Square a Binomial Using the Binomial Squares Pattern
Mathematicians like to look for patterns that will make their work easier. A good example of this is squaring binomials. While you can always get the product by writing the binomial twice and using the methods of the last section, there is less work to do if you learn to use a pattern.
\[\begin{array}{ll}{\text { Let's start by looking at }(x+9)^{2} \text { . }}& \\ {\text { What does this mean? }} &{(x+9)^{2}} \\ {\text { It means to multiply }(x+9) \text { by itself. }} & {(x+9)(x+9)}\\ {\text { Then, using FOIL, we get: }} & {x^{2}+9 x+9 x+81}\\ {\text { Combining like terms gives: }} &{x^{2}+18 x+81} \\ \\ {\text { Here's another one: }} & {(y-7)^{2}} \\ {\text { Multiply }(y-7) \text { by itself. }} & {(y-7)(y-7)} \\ {\text { Using FOIL, we get: }} & {y^{2}-7 y-7 y+49} \\ {\text { And combining like terms: }} & {y^{2}-14 y+49} \\ \\ {\text { And one more: }} & {(2 x+3)^{2}} \\ {\text { Multiply. }} & {(2 x+3)(2 x+3)} \\ {\text { Use FOIL: }} & {\text { 4x }+6 x+6 x+9} \\ {\text { Combine like terms. }} & {4 x^{2}+12 x+9}\end{array} \nonumber\]
Look at these results.
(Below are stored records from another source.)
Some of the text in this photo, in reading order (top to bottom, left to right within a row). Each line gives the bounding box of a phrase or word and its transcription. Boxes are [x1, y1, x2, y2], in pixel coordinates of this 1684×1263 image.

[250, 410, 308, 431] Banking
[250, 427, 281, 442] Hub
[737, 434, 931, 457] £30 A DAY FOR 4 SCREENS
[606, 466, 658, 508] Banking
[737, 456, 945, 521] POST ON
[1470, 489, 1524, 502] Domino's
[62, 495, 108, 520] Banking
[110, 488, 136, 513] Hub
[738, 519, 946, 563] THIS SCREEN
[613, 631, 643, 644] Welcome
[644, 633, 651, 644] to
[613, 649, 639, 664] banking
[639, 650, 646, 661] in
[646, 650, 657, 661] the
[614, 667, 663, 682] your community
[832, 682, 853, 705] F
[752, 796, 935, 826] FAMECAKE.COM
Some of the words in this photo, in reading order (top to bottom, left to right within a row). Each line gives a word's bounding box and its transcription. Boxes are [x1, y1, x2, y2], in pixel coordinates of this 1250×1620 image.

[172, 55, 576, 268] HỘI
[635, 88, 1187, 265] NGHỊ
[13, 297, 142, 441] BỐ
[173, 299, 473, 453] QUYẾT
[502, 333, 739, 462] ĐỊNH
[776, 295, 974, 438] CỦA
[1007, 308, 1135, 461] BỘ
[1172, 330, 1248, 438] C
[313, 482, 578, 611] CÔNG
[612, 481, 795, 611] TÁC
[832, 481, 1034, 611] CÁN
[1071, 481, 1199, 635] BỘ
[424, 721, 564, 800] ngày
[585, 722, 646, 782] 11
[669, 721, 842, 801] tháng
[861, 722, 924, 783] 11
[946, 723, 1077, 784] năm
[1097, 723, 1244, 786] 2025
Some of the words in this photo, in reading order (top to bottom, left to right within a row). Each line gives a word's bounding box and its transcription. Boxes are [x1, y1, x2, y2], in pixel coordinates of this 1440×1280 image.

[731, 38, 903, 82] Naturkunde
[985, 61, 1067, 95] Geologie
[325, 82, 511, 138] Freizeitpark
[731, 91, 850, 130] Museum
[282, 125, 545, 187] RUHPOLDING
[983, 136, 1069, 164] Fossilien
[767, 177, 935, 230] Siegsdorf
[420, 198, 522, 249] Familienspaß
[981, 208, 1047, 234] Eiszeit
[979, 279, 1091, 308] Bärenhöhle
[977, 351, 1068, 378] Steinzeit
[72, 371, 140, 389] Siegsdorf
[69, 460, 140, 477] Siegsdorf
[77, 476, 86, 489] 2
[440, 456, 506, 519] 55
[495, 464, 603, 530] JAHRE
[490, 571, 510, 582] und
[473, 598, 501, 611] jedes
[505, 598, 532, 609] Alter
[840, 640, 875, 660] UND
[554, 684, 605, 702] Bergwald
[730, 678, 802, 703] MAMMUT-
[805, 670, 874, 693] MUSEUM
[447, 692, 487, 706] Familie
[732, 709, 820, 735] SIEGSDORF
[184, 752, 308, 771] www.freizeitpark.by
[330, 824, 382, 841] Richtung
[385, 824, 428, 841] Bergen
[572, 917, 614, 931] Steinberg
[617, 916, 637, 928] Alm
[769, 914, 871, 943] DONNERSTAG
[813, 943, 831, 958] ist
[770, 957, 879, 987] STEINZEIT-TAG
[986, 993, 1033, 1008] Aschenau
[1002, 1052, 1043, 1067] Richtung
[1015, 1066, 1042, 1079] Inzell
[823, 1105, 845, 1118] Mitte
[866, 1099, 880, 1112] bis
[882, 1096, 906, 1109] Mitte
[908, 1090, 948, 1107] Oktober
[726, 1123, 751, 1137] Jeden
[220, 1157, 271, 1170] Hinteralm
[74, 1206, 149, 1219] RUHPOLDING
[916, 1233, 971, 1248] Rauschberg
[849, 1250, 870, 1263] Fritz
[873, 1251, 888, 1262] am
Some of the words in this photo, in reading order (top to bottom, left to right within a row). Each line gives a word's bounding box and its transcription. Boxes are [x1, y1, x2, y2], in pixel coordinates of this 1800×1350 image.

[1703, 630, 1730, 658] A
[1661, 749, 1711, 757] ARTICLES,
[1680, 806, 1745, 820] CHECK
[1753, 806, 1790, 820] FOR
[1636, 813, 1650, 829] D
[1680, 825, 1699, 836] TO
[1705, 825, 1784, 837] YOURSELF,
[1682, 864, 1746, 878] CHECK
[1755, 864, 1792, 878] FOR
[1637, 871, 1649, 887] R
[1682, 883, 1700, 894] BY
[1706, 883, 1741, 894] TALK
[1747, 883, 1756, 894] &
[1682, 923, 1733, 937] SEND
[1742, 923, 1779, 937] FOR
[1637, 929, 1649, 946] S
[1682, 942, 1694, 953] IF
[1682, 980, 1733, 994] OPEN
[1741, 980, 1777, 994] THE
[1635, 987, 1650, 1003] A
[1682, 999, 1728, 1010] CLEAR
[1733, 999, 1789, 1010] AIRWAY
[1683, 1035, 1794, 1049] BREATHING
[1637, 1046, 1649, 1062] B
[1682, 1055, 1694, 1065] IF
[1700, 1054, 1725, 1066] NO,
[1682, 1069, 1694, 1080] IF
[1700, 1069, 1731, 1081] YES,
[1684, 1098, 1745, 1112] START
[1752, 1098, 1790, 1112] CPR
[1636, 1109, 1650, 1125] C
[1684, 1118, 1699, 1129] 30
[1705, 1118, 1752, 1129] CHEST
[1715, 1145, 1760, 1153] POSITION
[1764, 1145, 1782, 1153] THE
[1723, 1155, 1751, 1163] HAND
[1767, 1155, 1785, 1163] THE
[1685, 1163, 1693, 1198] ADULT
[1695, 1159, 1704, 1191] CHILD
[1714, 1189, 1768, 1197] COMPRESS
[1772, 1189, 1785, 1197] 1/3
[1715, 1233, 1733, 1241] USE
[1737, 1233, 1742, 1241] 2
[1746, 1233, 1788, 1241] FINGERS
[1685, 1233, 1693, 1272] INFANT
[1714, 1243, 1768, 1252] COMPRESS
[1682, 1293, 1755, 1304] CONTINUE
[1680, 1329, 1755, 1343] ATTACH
Do you see any patterns?
What about the number of terms? In each example we squared a binomial and the result was a trinomial.
\[(a+b)^{2}=\underline{\qquad}+\underline{\qquad}+\underline{\qquad}\nonumber \]
Now look at the first term in each result. Where did it come from?
The first term is the product of the first terms of each binomial. Since the binomials are identical, it is just the square of the first term!
\[(a+b)^{2}=a^{2}+\underline{\qquad}+\underline{\qquad}\nonumber \]
To get the first term of the product, square the first term.
Where did the last term come from? Look at the examples and find the pattern.
The last term is the product of the last terms, which is the square of the last term.
\[(a+b)^{2}=\underline{\qquad}+\underline{\qquad}+b^{2}\nonumber \]
To get the last term of the product, square the last term.
Finally, look at the middle term. Notice it came from adding the “outer” and the “inner” terms—which are both the same! So the middle term is double the product of the two terms of the binomial.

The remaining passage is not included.